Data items
···

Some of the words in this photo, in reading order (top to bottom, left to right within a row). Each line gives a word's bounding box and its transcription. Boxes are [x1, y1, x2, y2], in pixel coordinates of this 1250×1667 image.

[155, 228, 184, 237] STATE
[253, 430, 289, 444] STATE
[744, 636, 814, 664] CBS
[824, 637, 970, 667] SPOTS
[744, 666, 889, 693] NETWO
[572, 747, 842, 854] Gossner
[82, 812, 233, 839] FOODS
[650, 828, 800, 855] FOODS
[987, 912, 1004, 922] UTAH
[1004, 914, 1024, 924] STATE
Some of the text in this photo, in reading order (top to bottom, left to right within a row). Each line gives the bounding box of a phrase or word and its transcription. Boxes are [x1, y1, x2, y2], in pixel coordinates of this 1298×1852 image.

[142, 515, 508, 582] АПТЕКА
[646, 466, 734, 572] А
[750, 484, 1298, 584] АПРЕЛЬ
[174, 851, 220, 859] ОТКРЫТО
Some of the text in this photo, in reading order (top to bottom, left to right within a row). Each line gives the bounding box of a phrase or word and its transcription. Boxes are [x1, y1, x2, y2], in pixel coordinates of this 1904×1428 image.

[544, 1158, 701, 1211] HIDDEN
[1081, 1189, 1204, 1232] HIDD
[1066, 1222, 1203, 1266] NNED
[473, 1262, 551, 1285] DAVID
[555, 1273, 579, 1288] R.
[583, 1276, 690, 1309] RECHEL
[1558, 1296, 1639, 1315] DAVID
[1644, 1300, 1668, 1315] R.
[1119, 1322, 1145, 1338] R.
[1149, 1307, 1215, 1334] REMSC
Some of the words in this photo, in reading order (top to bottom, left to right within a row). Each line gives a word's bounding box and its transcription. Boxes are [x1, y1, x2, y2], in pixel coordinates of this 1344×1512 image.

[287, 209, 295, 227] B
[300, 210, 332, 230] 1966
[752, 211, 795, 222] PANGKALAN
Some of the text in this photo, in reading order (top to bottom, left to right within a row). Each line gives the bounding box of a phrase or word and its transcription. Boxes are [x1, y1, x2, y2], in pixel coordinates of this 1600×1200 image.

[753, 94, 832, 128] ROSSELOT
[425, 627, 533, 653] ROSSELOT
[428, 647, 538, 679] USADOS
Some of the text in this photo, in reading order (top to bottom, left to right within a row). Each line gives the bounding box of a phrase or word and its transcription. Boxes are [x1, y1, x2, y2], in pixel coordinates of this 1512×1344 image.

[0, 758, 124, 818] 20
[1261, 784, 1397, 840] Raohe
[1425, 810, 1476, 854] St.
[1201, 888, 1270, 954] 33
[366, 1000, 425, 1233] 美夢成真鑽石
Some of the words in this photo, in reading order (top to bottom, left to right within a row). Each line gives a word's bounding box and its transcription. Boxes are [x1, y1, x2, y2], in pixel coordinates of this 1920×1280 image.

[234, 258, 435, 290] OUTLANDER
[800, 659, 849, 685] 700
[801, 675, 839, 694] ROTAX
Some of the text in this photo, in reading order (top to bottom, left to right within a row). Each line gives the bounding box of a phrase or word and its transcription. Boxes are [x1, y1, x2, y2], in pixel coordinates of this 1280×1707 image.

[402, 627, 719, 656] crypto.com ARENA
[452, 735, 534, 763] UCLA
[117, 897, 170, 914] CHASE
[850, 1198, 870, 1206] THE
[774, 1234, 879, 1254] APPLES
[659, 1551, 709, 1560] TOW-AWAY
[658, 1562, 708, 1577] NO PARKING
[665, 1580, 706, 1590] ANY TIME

···

[YOUR ASSIGNMENT]
Send back all the records above word for word.

[TASK RESULT]
Some of the words in this photo, in reading order (top to bottom, left to right within a row). Each line gives a word's bounding box and its transcription. Boxes are [x1, y1, x2, y2], in pixel coordinates of this 1250×1667 image.

[155, 228, 184, 237] STATE
[253, 430, 289, 444] STATE
[744, 636, 814, 664] CBS
[824, 637, 970, 667] SPOTS
[744, 666, 889, 693] NETWO
[572, 747, 842, 854] Gossner
[82, 812, 233, 839] FOODS
[650, 828, 800, 855] FOODS
[987, 912, 1004, 922] UTAH
[1004, 914, 1024, 924] STATE
Some of the text in this photo, in reading order (top to bottom, left to right within a row). Each line gives the bounding box of a phrase or word and its transcription. Boxes are [x1, y1, x2, y2], in pixel coordinates of this 1298×1852 image.

[142, 515, 508, 582] АПТЕКА
[646, 466, 734, 572] А
[750, 484, 1298, 584] АПРЕЛЬ
[174, 851, 220, 859] ОТКРЫТО
Some of the text in this photo, in reading order (top to bottom, left to right within a row). Each line gives the bounding box of a phrase or word and its transcription. Boxes are [x1, y1, x2, y2], in pixel coordinates of this 1904×1428 image.

[544, 1158, 701, 1211] HIDDEN
[1081, 1189, 1204, 1232] HIDD
[1066, 1222, 1203, 1266] NNED
[473, 1262, 551, 1285] DAVID
[555, 1273, 579, 1288] R.
[583, 1276, 690, 1309] RECHEL
[1558, 1296, 1639, 1315] DAVID
[1644, 1300, 1668, 1315] R.
[1119, 1322, 1145, 1338] R.
[1149, 1307, 1215, 1334] REMSC
Some of the words in this photo, in reading order (top to bottom, left to right within a row). Each line gives a word's bounding box and its transcription. Boxes are [x1, y1, x2, y2], in pixel coordinates of this 1344×1512 image.

[287, 209, 295, 227] B
[300, 210, 332, 230] 1966
[752, 211, 795, 222] PANGKALAN
Some of the text in this photo, in reading order (top to bottom, left to right within a row). Each line gives the bounding box of a phrase or word and its transcription. Boxes are [x1, y1, x2, y2], in pixel coordinates of this 1600×1200 image.

[753, 94, 832, 128] ROSSELOT
[425, 627, 533, 653] ROSSELOT
[428, 647, 538, 679] USADOS
Some of the text in this photo, in reading order (top to bottom, left to right within a row). Each line gives the bounding box of a phrase or word and its transcription. Boxes are [x1, y1, x2, y2], in pixel coordinates of this 1512×1344 image.

[0, 758, 124, 818] 20
[1261, 784, 1397, 840] Raohe
[1425, 810, 1476, 854] St.
[1201, 888, 1270, 954] 33
[366, 1000, 425, 1233] 美夢成真鑽石
Some of the words in this photo, in reading order (top to bottom, left to right within a row). Each line gives a word's bounding box and its transcription. Boxes are [x1, y1, x2, y2], in pixel coordinates of this 1920×1280 image.

[234, 258, 435, 290] OUTLANDER
[800, 659, 849, 685] 700
[801, 675, 839, 694] ROTAX
Some of the text in this photo, in reading order (top to bottom, left to right within a row). Each line gives the bounding box of a phrase or word and its transcription. Boxes are [x1, y1, x2, y2], in pixel coordinates of this 1280×1707 image.

[402, 627, 719, 656] crypto.com ARENA
[452, 735, 534, 763] UCLA
[117, 897, 170, 914] CHASE
[850, 1198, 870, 1206] THE
[774, 1234, 879, 1254] APPLES
[659, 1551, 709, 1560] TOW-AWAY
[658, 1562, 708, 1577] NO PARKING
[665, 1580, 706, 1590] ANY TIME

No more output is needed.